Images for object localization
※

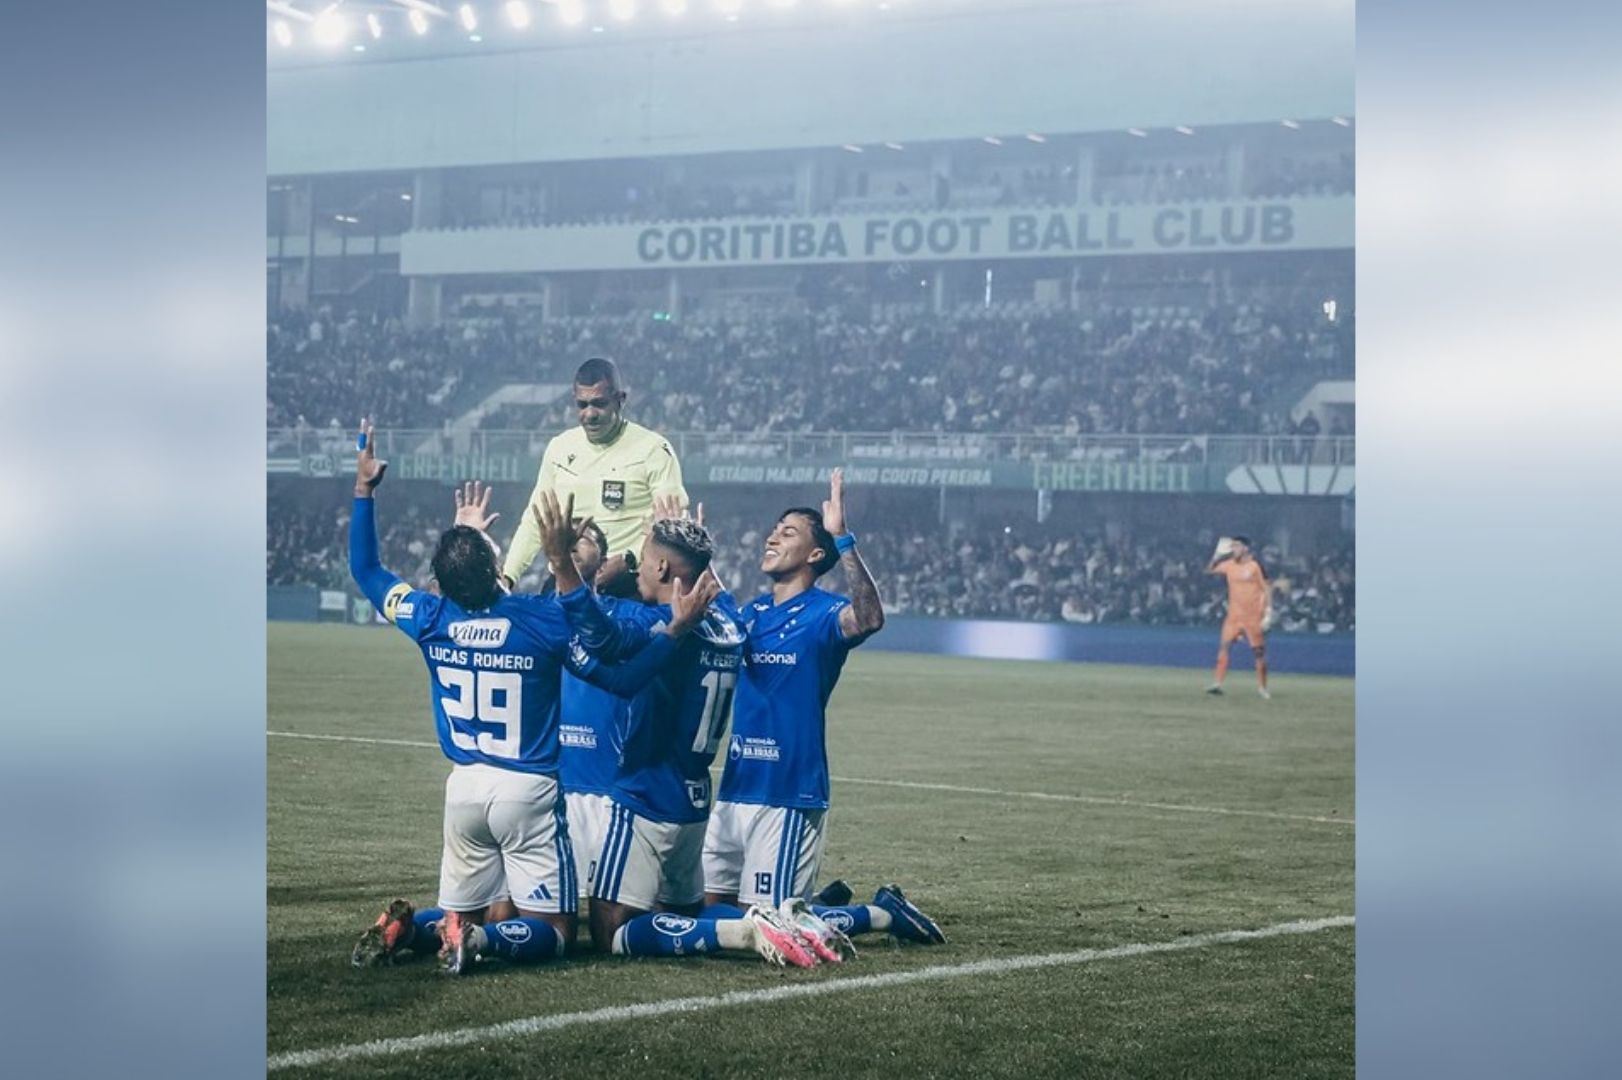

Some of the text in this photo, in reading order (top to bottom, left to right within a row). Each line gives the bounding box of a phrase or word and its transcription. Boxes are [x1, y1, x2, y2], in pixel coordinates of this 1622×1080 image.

[637, 203, 1296, 264] CORITIBA FOOT BALL CLUB
[400, 454, 466, 482] GREEN
[709, 465, 764, 483] ESTÁDIO
[766, 467, 814, 482] MAJOR
[880, 467, 929, 485] COUTO
[930, 468, 992, 486] PEREIRA
[1033, 461, 1125, 491] GREEN
[453, 624, 502, 641] Vilma
[429, 645, 535, 670] LUCAS ROMERO
[436, 665, 523, 760] 29
[755, 871, 773, 894] 19

※

The problem: Every record above should reappear exactly, with the pictures gone.

Answer to this task:
Some of the text in this photo, in reading order (top to bottom, left to right within a row). Each line gives the bounding box of a phrase or word and its transcription. Boxes are [x1, y1, x2, y2], in pixel coordinates of this 1622×1080 image.

[637, 203, 1296, 264] CORITIBA FOOT BALL CLUB
[400, 454, 466, 482] GREEN
[709, 465, 764, 483] ESTÁDIO
[766, 467, 814, 482] MAJOR
[880, 467, 929, 485] COUTO
[930, 468, 992, 486] PEREIRA
[1033, 461, 1125, 491] GREEN
[453, 624, 502, 641] Vilma
[429, 645, 535, 670] LUCAS ROMERO
[436, 665, 523, 760] 29
[755, 871, 773, 894] 19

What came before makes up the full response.